● **Work to be completed**:
Only the pictures stay out; every record is to be quoted exactly.

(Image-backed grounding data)
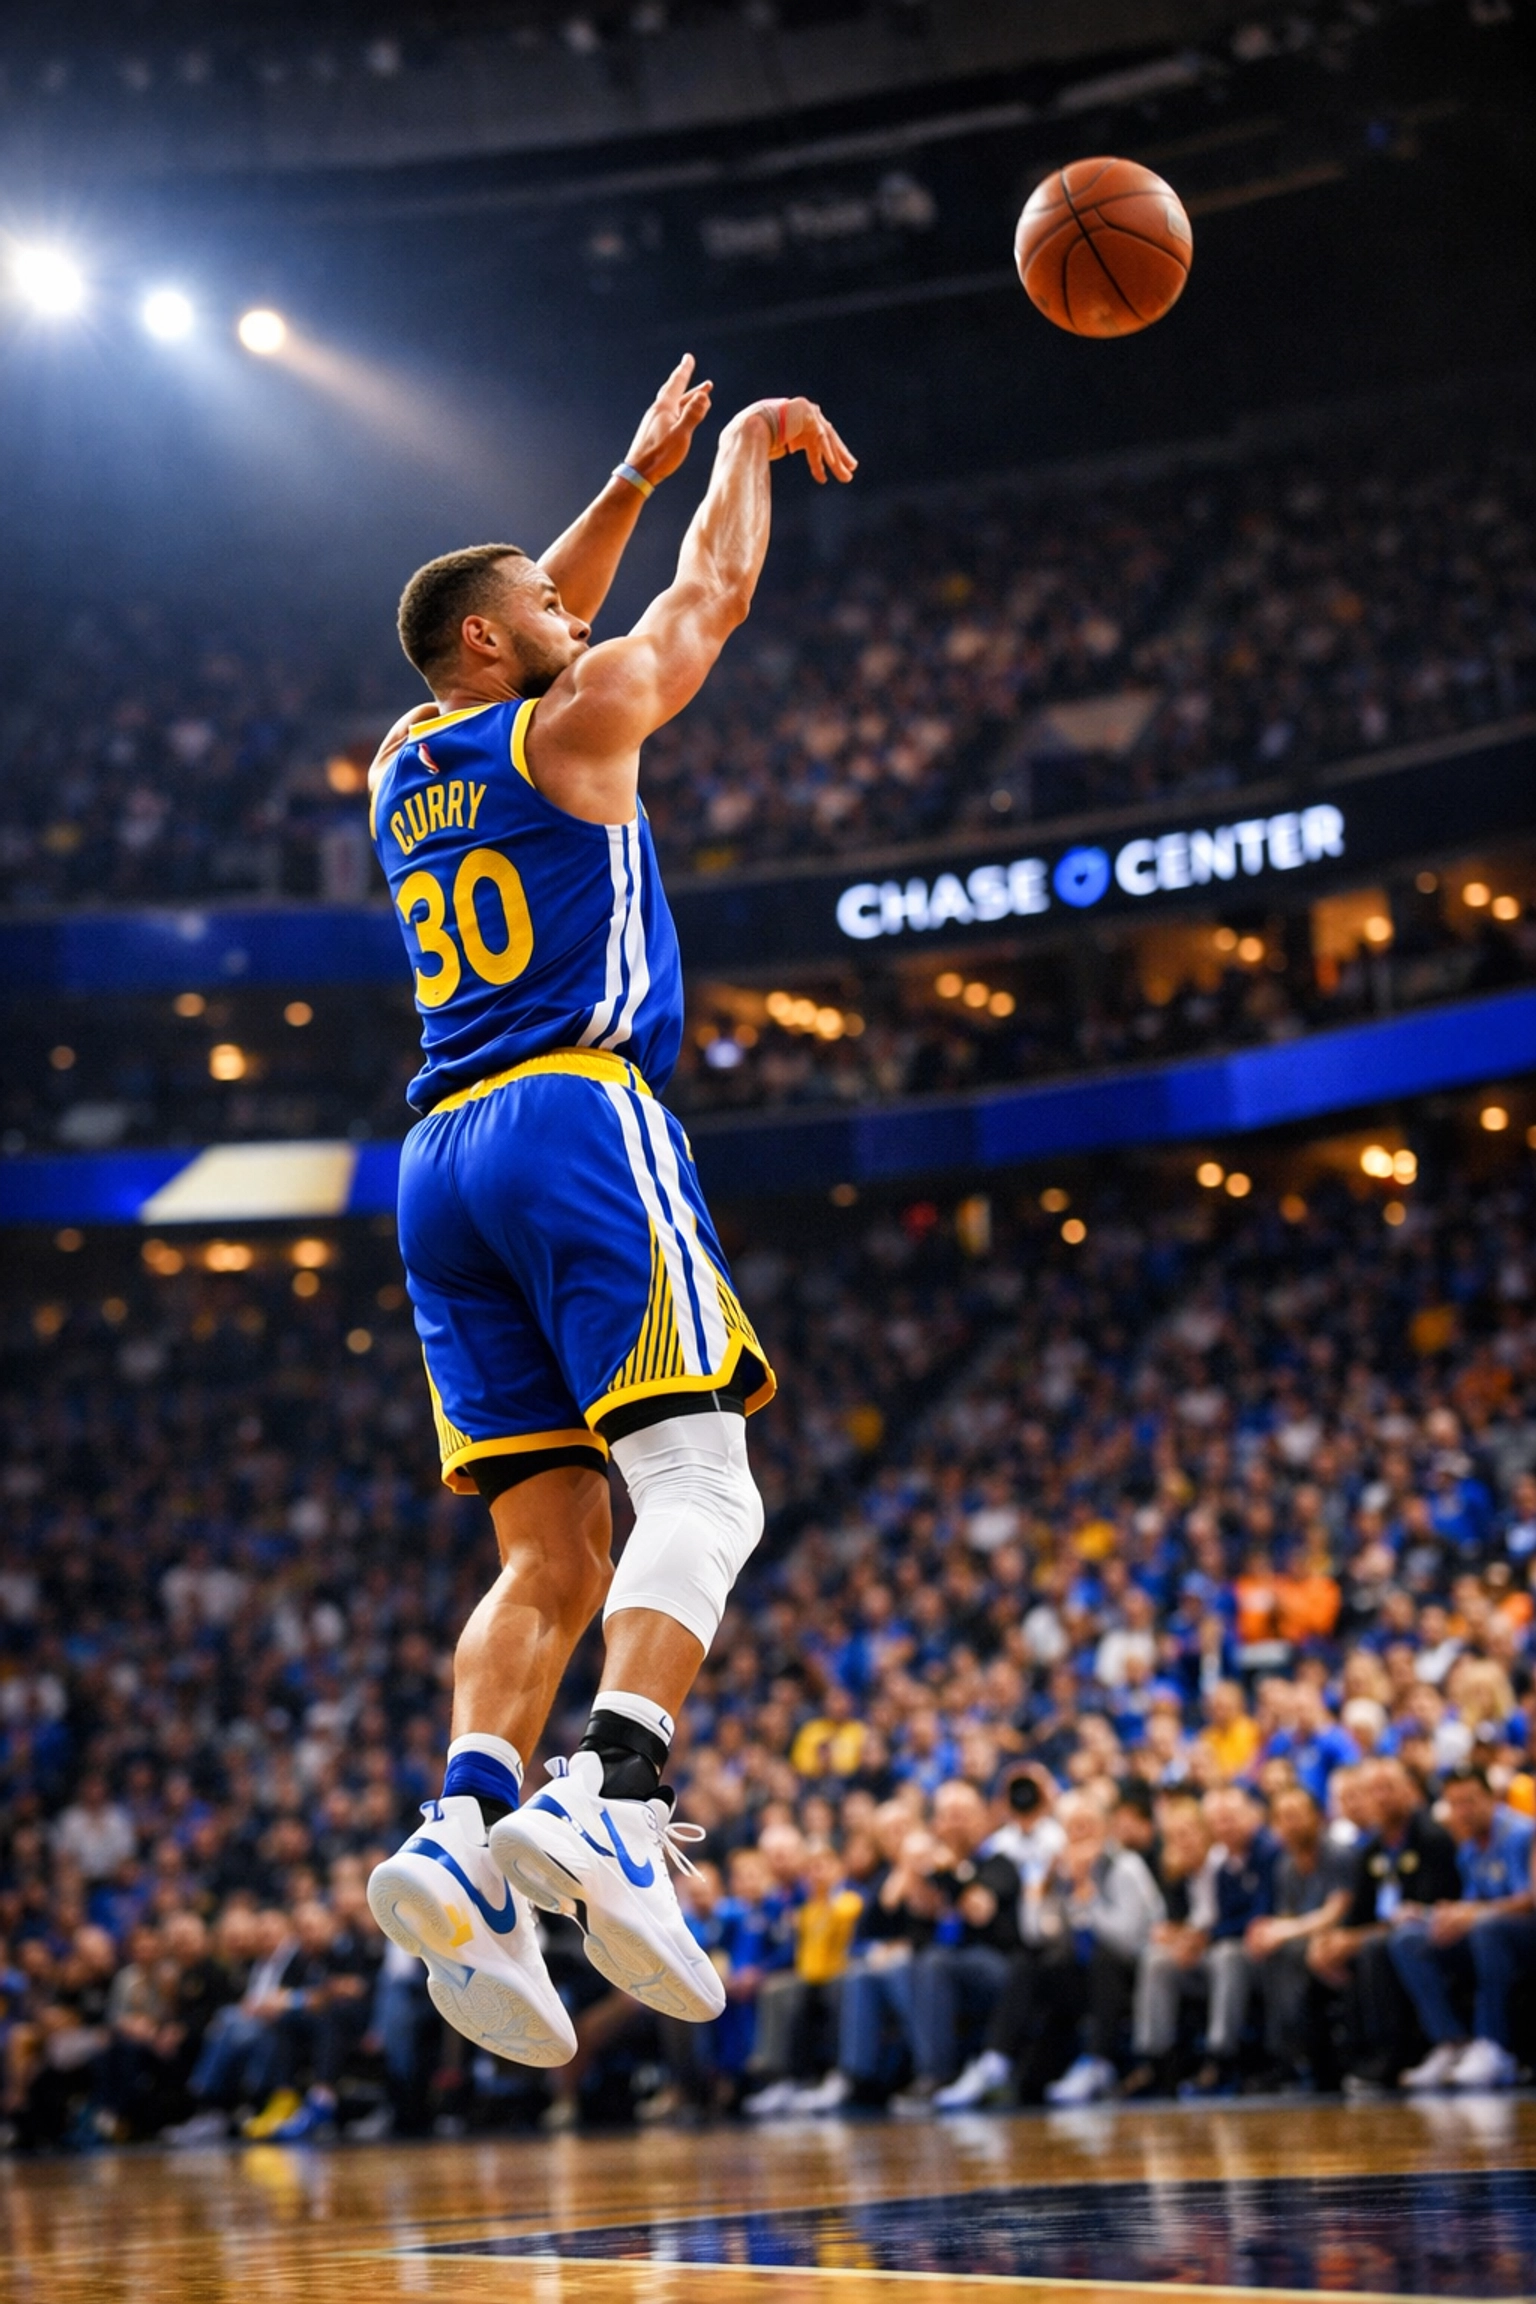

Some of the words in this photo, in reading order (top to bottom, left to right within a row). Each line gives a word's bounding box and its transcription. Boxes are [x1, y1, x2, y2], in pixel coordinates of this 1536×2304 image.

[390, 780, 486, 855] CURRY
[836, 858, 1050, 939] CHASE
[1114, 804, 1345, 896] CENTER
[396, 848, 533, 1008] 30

● **Task solution**:
Some of the words in this photo, in reading order (top to bottom, left to right within a row). Each line gives a word's bounding box and its transcription. Boxes are [x1, y1, x2, y2], in pixel coordinates of this 1536×2304 image.

[390, 780, 486, 855] CURRY
[836, 858, 1050, 939] CHASE
[1114, 804, 1345, 896] CENTER
[396, 848, 533, 1008] 30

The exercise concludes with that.